Required action:
Reproduce the entries that follow exactly, dropping each image.

Source material:
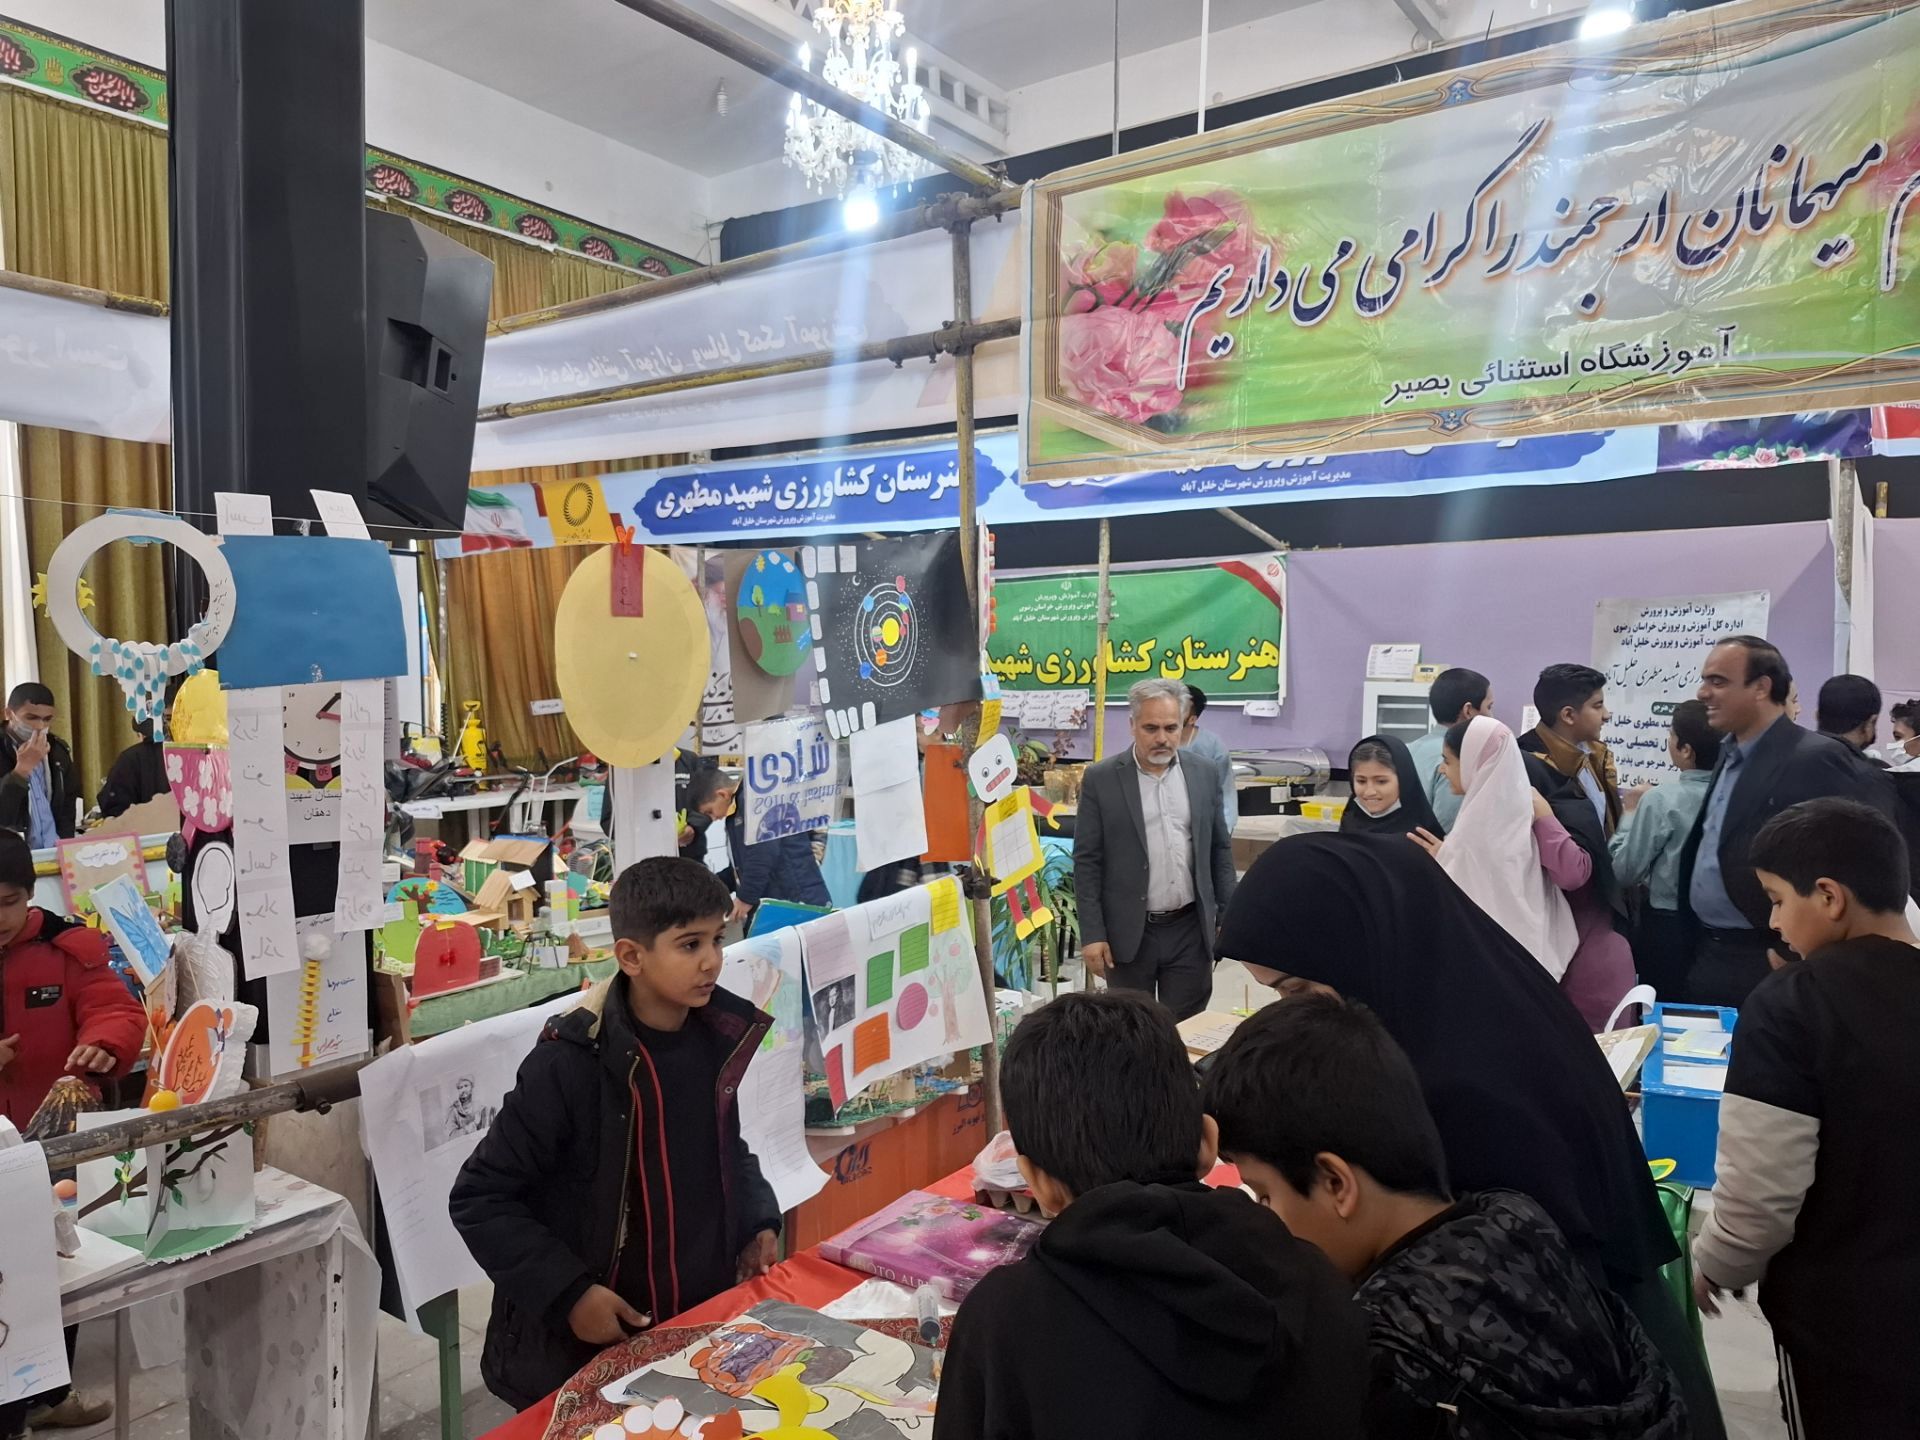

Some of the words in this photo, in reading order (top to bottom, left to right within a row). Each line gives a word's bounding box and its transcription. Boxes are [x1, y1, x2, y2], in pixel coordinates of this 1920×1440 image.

[1291, 239, 1354, 326] می
[1579, 325, 1737, 375] آموزشگاه
[1461, 351, 1570, 396] استثنائی
[1385, 371, 1452, 404] بصیر
[875, 460, 960, 503] نرستان
[1286, 470, 1318, 487] آموزش
[1318, 470, 1352, 483] مدیریت
[775, 463, 876, 510] کشاورزی
[1181, 480, 1197, 492] آباد
[1197, 480, 1217, 492] خلیل
[1217, 477, 1252, 491] شهرستان
[655, 479, 722, 518] مطهری
[724, 474, 774, 511] شهید
[1640, 607, 1663, 618] پرورش
[1669, 603, 1692, 618] آموزش
[1694, 605, 1715, 615] وزارت
[1613, 624, 1632, 633] رضوی
[1632, 623, 1657, 633] خراسان
[1658, 622, 1681, 633] پرورش
[1687, 618, 1711, 632] آموزش
[1712, 620, 1724, 631] کل
[1725, 619, 1744, 632] اداره
[1621, 635, 1633, 647] آباد
[1634, 638, 1650, 652] خلیل
[1651, 639, 1674, 649] پرورش
[1680, 634, 1705, 648] آموزش
[1160, 637, 1280, 681] هنرستان
[1614, 715, 1632, 728] خلیل
[1634, 717, 1660, 729] مطهری
[1627, 736, 1659, 749] تحصیلی
[748, 732, 829, 794] شادی
[1646, 759, 1666, 769] هنرجو
[315, 790, 342, 801] بستان
[304, 807, 331, 821] دهقان
[849, 1254, 896, 1281] PHOTO

Your response:
Some of the words in this photo, in reading order (top to bottom, left to right within a row). Each line gives a word's bounding box and its transcription. Boxes are [x1, y1, x2, y2], in pixel coordinates of this 1920×1440 image.

[1291, 239, 1354, 326] می
[1579, 325, 1737, 375] آموزشگاه
[1461, 351, 1570, 396] استثنائی
[1385, 371, 1452, 404] بصیر
[875, 460, 960, 503] نرستان
[1286, 470, 1318, 487] آموزش
[1318, 470, 1352, 483] مدیریت
[775, 463, 876, 510] کشاورزی
[1181, 480, 1197, 492] آباد
[1197, 480, 1217, 492] خلیل
[1217, 477, 1252, 491] شهرستان
[655, 479, 722, 518] مطهری
[724, 474, 774, 511] شهید
[1640, 607, 1663, 618] پرورش
[1669, 603, 1692, 618] آموزش
[1694, 605, 1715, 615] وزارت
[1613, 624, 1632, 633] رضوی
[1632, 623, 1657, 633] خراسان
[1658, 622, 1681, 633] پرورش
[1687, 618, 1711, 632] آموزش
[1712, 620, 1724, 631] کل
[1725, 619, 1744, 632] اداره
[1621, 635, 1633, 647] آباد
[1634, 638, 1650, 652] خلیل
[1651, 639, 1674, 649] پرورش
[1680, 634, 1705, 648] آموزش
[1160, 637, 1280, 681] هنرستان
[1614, 715, 1632, 728] خلیل
[1634, 717, 1660, 729] مطهری
[1627, 736, 1659, 749] تحصیلی
[748, 732, 829, 794] شادی
[1646, 759, 1666, 769] هنرجو
[315, 790, 342, 801] بستان
[304, 807, 331, 821] دهقان
[849, 1254, 896, 1281] PHOTO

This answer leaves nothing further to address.